Racism is not simply a matter of the ‘racists’ versus the rest, but is more complex. Racism has been built on a culture of simplification – of a line drawn between ‘us’ and ‘them’, which is entirely unjustified. However, Jackson’s demand that “all racists should get out of MY country” risks the same vilification that racists use against, so-called, ‘non-Australians’.

It is not simply enough to acknowledge racism and distance ourselves from its effects. A history of refusing to engage in the hardships facing Aborigines in Australia – and other countries – has bred a culture of uncertainty, fear and resentment. Unlike Kevin Rudd’s official apology to the Stolen Generation, a supportive speech given by Opposition Leader Brendan Nelson was met with protests, calls of “shame!” and people walking out. There was clearly a lot of fear towards acknowledging the wrongdoing of past Australians and the responsibility of present Australians towards their Indigenous counterparts. However, it would be rash and insensitive to suggest that this sense of fear, or caution, was an ‘Australia-wide’ phenomenon. Nor is it helpful to simply vilify those who were at odds with the actions of the former Prime Minister.

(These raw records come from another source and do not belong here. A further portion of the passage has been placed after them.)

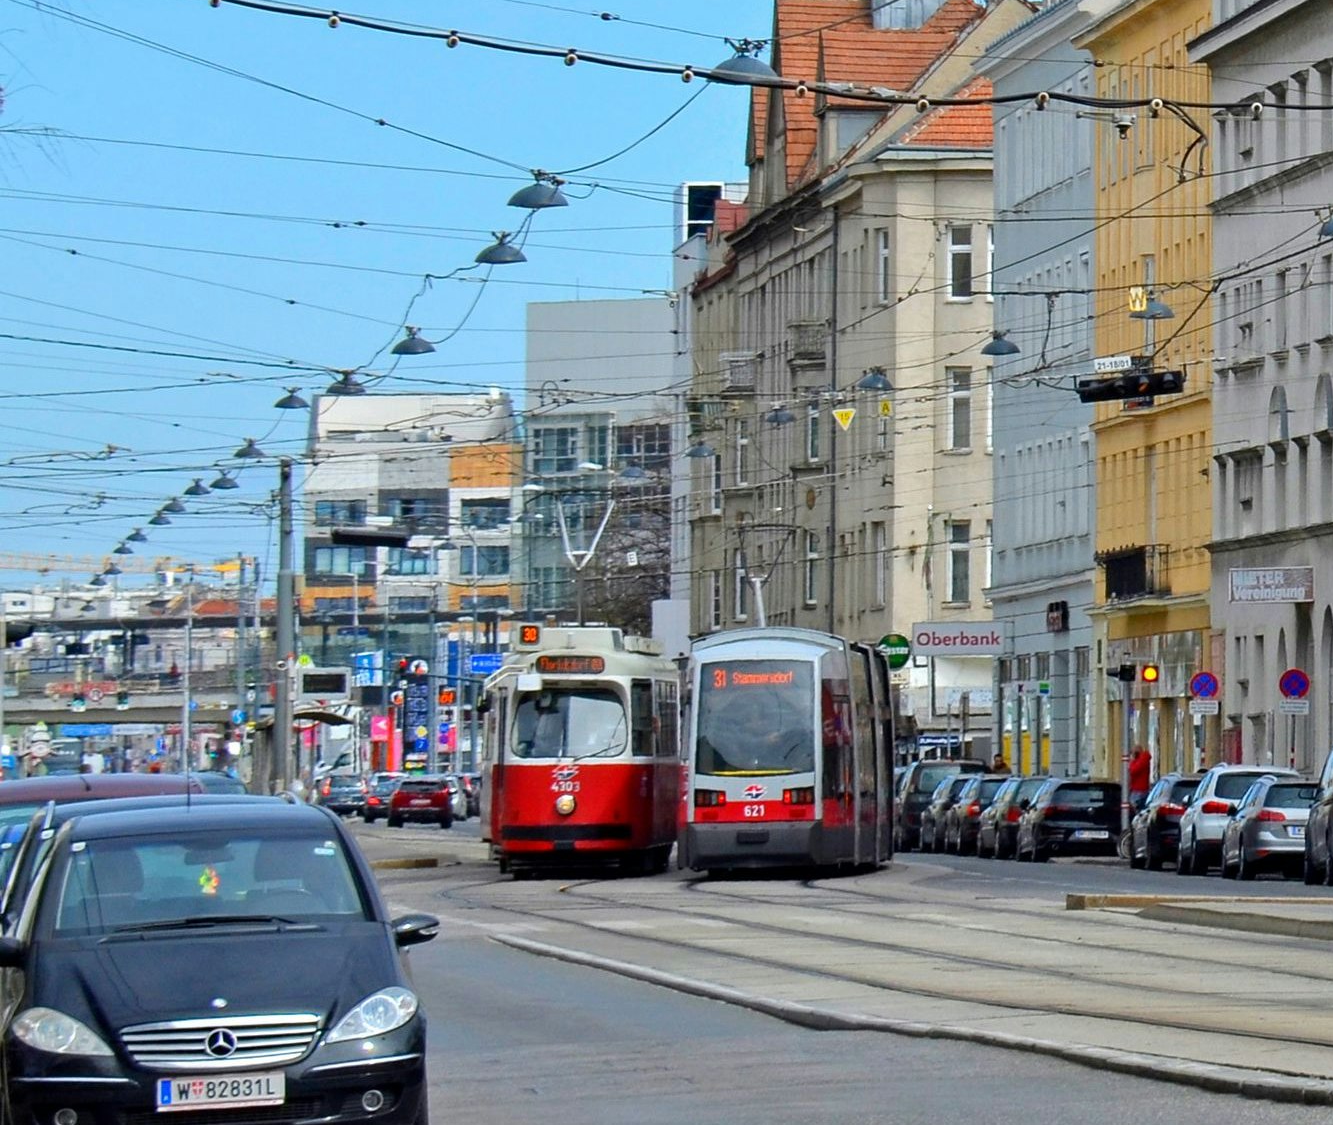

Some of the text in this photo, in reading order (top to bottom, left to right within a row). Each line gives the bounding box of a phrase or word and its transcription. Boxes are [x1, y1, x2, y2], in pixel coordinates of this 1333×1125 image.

[523, 627, 537, 642] 30
[916, 630, 1001, 647] Oberbank
[713, 669, 727, 690] 31
[551, 781, 581, 793] 4303
[743, 804, 765, 817] 621
[177, 1082, 191, 1100] W
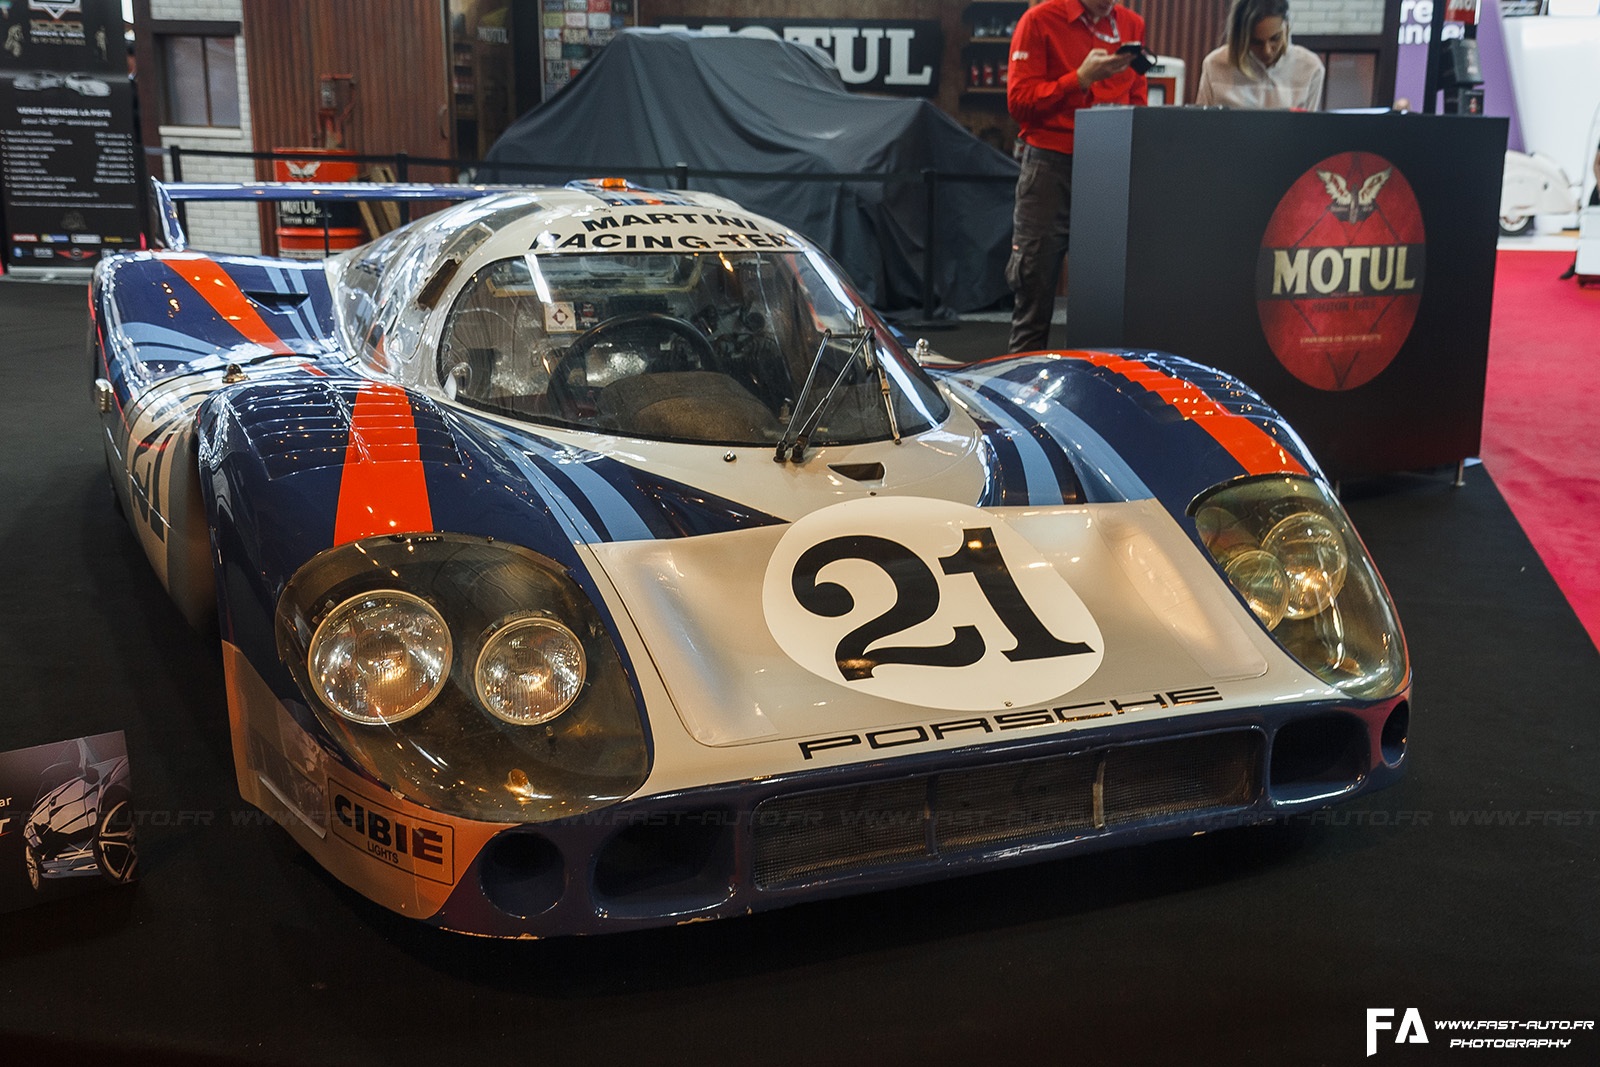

Racism does not occur randomly. Its emergence is related to real economic and political struggles, in which some individuals are labelled as scapegoats to bear the blame for the hardship of others. For some, racism is a mechanism for coping with emotional stress. For others, racism is a tool to gain political favour and better or protect their economic status. For yet others, racism becomes part of their identity, where the most offensive forms of racism are experienced. However what all these strains of racial prejudice have in common is that they blame their condition on someone else, by reducing sentient beings to a pejorative term. Let us not do the same!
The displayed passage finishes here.